Against this backdrop, the contrast between Jefferies’ Hold rating at CAD 151 and Barclays’ Underweight rating at CAD 140 underscores a degree of debate among analysts over the sustainability of current profitability and valuation levels, even as both firms modestly raised their Canadian-dollar targets after scrutinizing the Q2 2026 results.
Read more
Additional news and developments on the stock can be explored via the linked overview pages.
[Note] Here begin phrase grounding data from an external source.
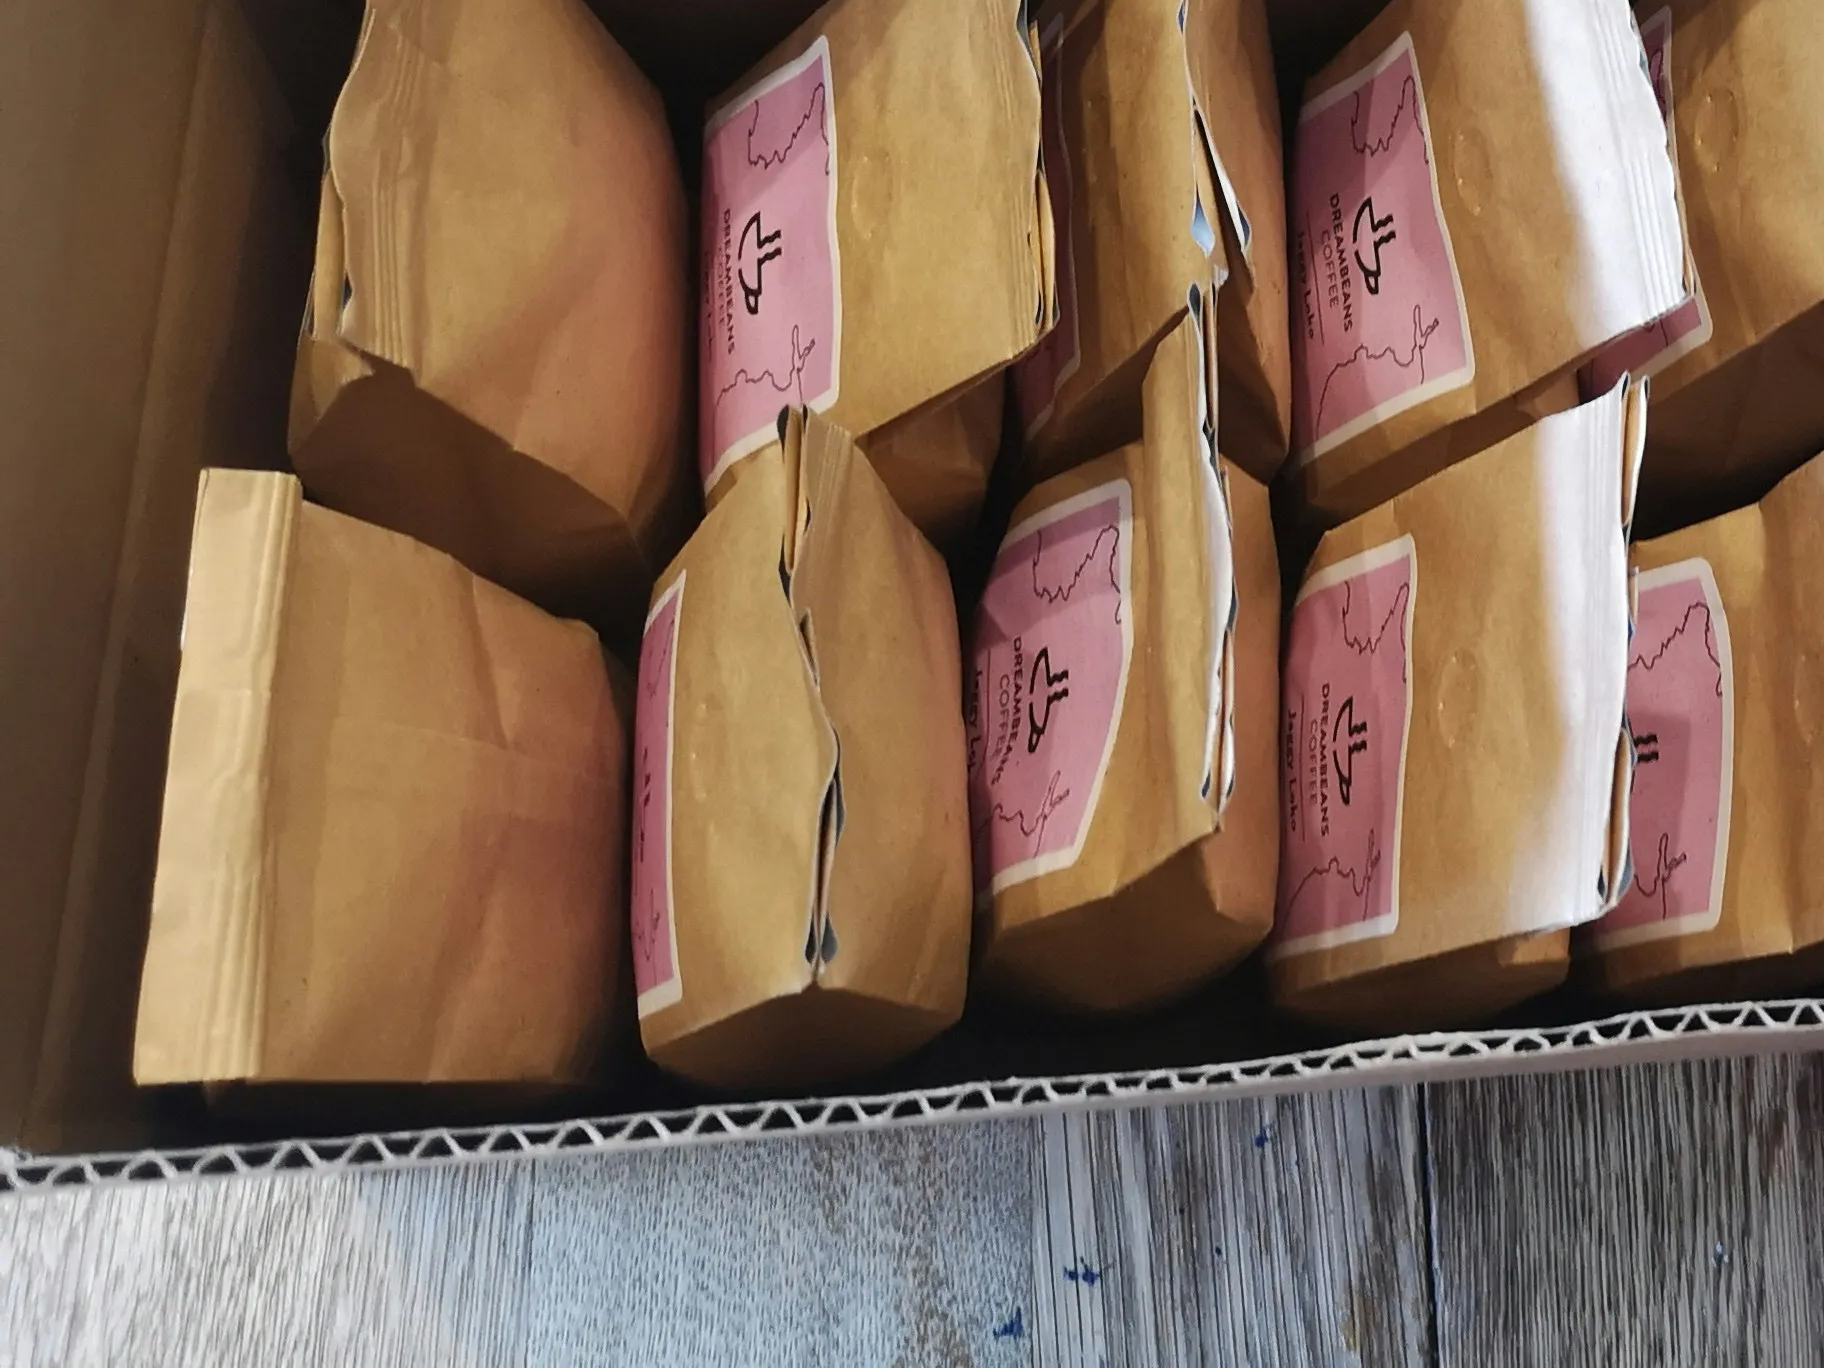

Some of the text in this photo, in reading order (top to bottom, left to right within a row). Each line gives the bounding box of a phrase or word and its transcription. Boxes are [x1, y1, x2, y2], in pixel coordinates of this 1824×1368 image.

[724, 209, 735, 354] DREAMBEANS
[1320, 229, 1340, 309] COFFEE
[1330, 193, 1353, 332] DREAMBEANS
[991, 636, 1022, 785] DREAMBEANS
[1309, 719, 1318, 805] COFFEE
[1320, 684, 1330, 836] DREAMBEANS
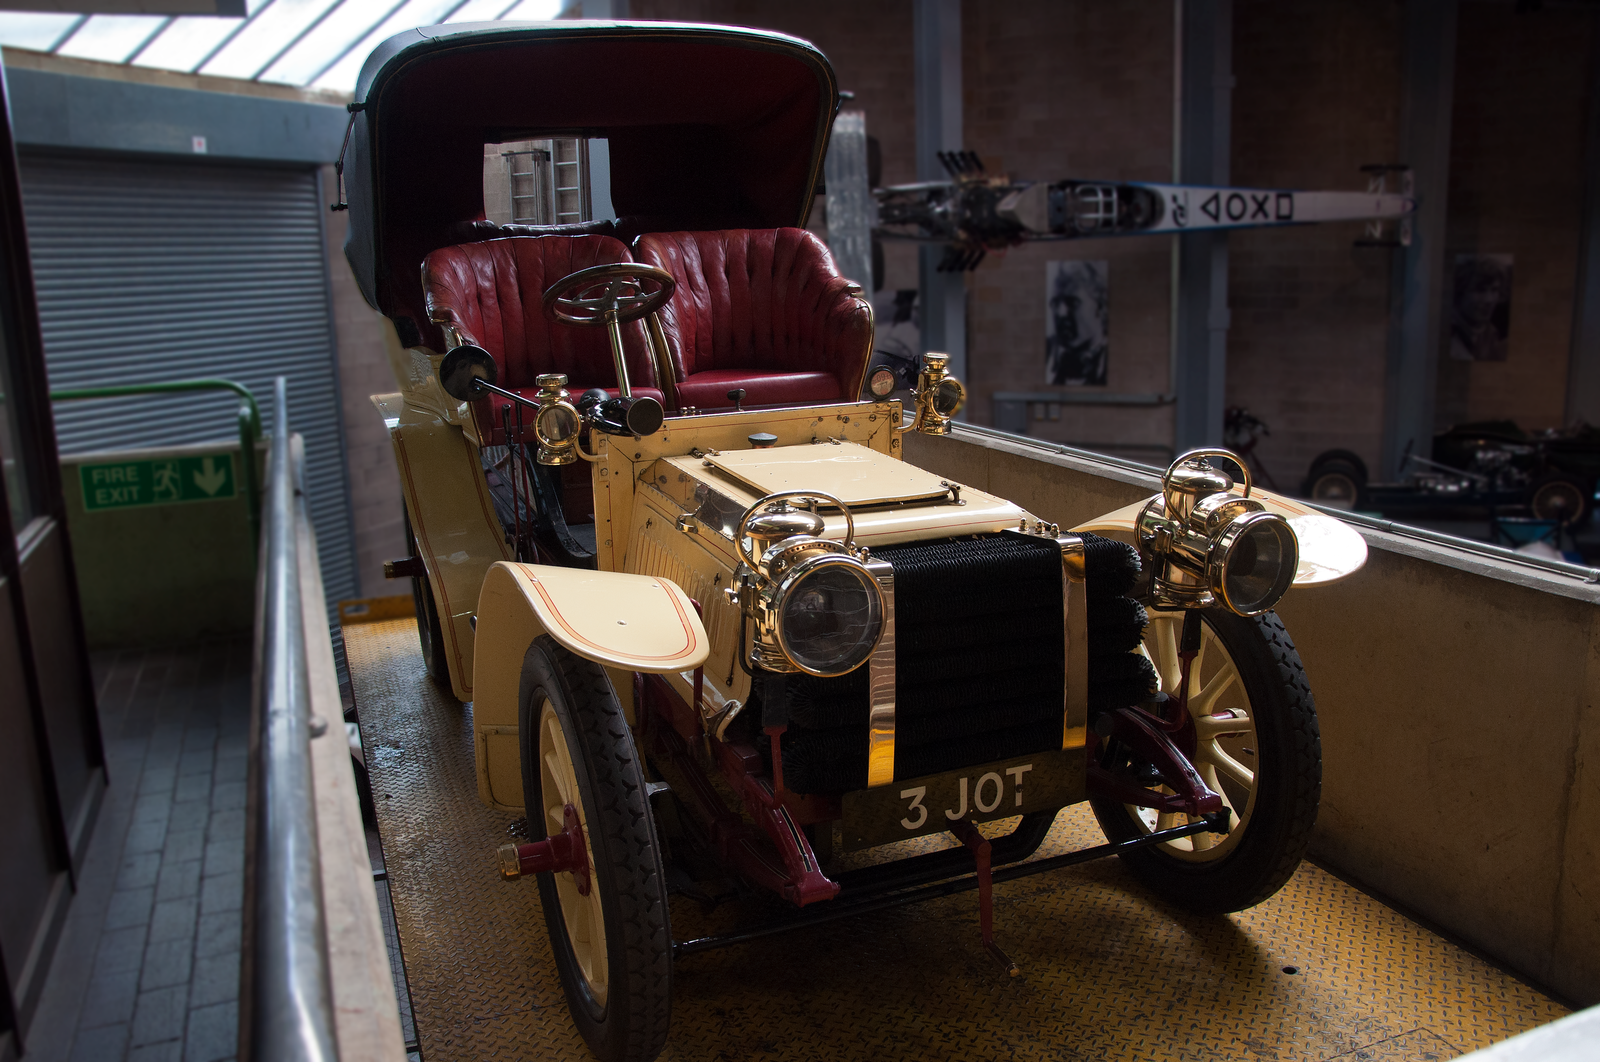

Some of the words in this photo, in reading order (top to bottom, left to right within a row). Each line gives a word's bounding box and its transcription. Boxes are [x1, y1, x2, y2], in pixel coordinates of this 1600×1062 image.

[91, 465, 140, 485] FIRE
[94, 485, 140, 505] EXIT
[900, 785, 928, 830] 3
[944, 763, 1033, 821] JOT
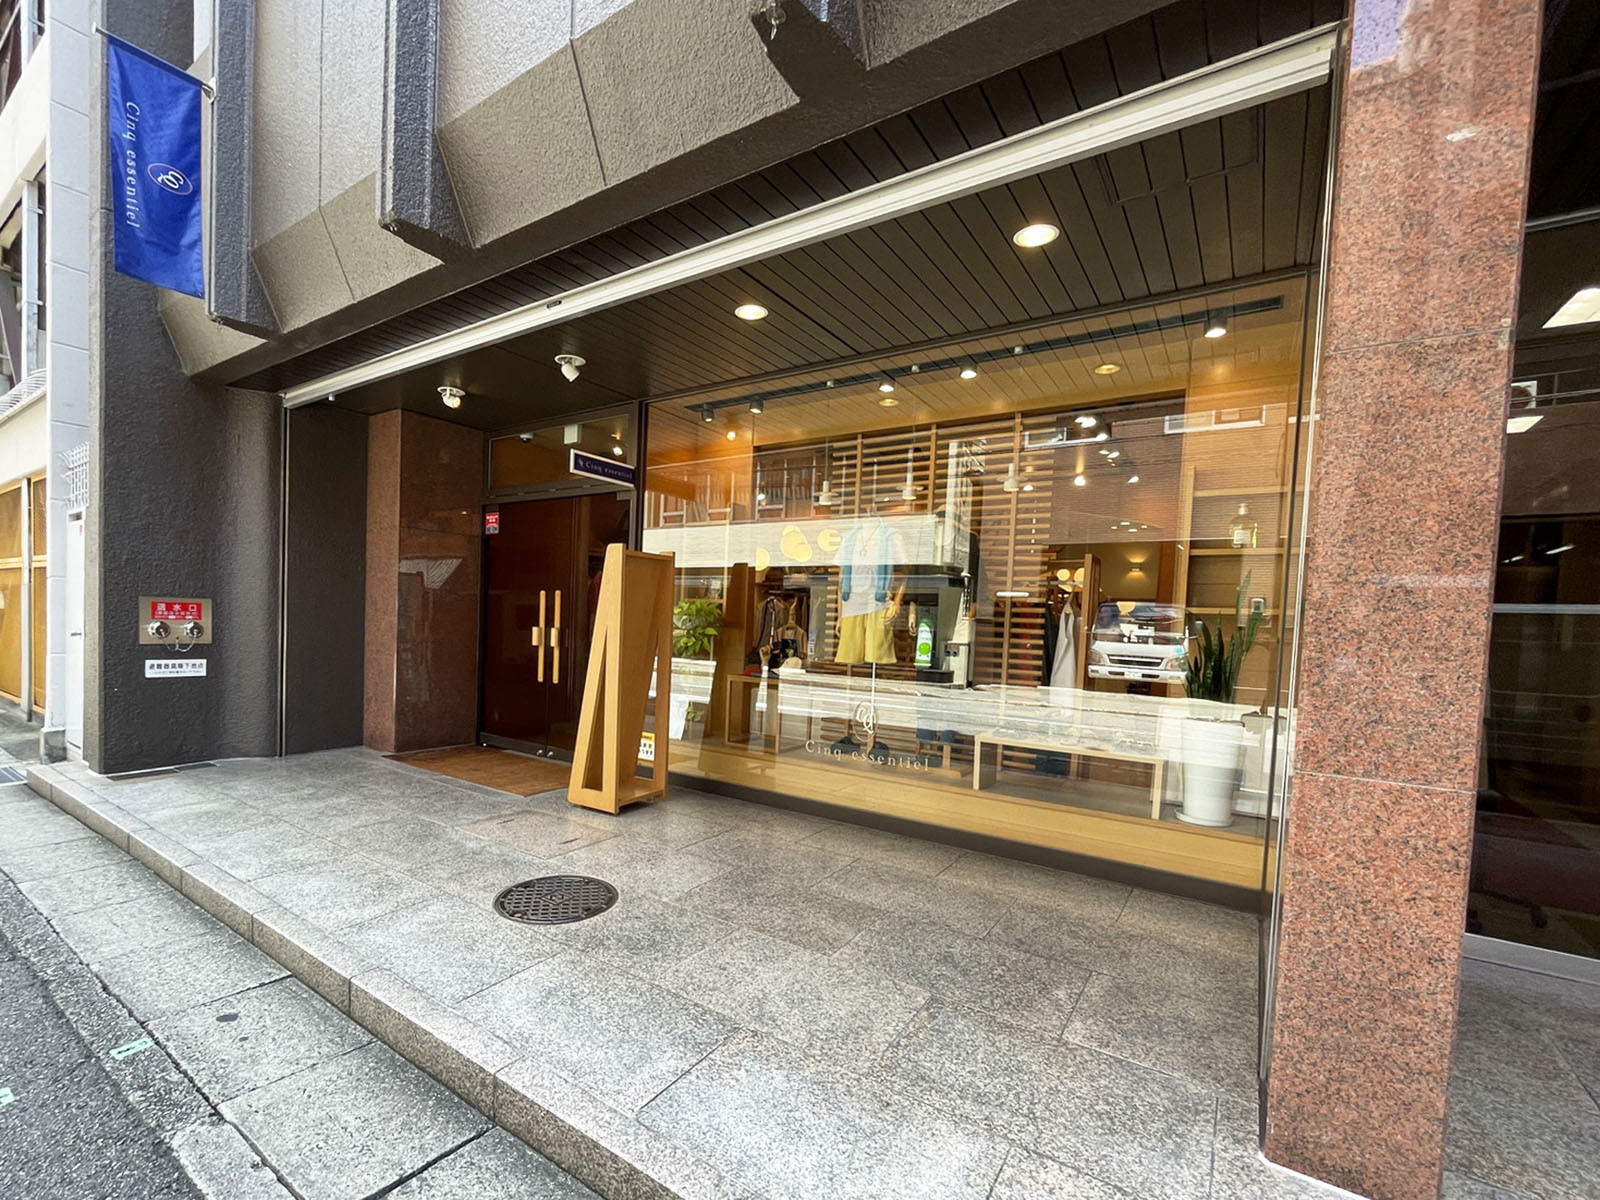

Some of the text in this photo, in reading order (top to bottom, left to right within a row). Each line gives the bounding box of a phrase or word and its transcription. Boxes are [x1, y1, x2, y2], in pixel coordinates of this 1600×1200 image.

Sentiment and reactions on Toronto-Dominion Bank
The recent price target changes and Q2 2026 results for Toronto-Dominion Bank have prompted a fresh wave of commentary on social platforms, where users are debating the bank’s valuation, regulatory exposure and income appeal within the Canadian financial sector.
Conclusion
Toronto-Dominion Bank’s share price on the Toronto Stock Exchange has climbed notably in 2026, even as the latest trading session showed a modest pullback from recent highs, reflecting a balance between profit-taking and confidence in the Canadian lender’s earnings power.
The Q2 2026 earnings release, combined with the subsequent target price hikes from Jefferies and Barclays, frames the current debate over how much of the bank’s interest income momentum and credit performance is already priced into the stock, leaving investors to weigh valuation against the macroeconomic and regulatory backdrop in Canada and the United States.
Disclaimer: This article does not constitute investment advice. The comprehensive scope of this informative article was made possible through the use of a.i.. Stocks are volatile financial instruments.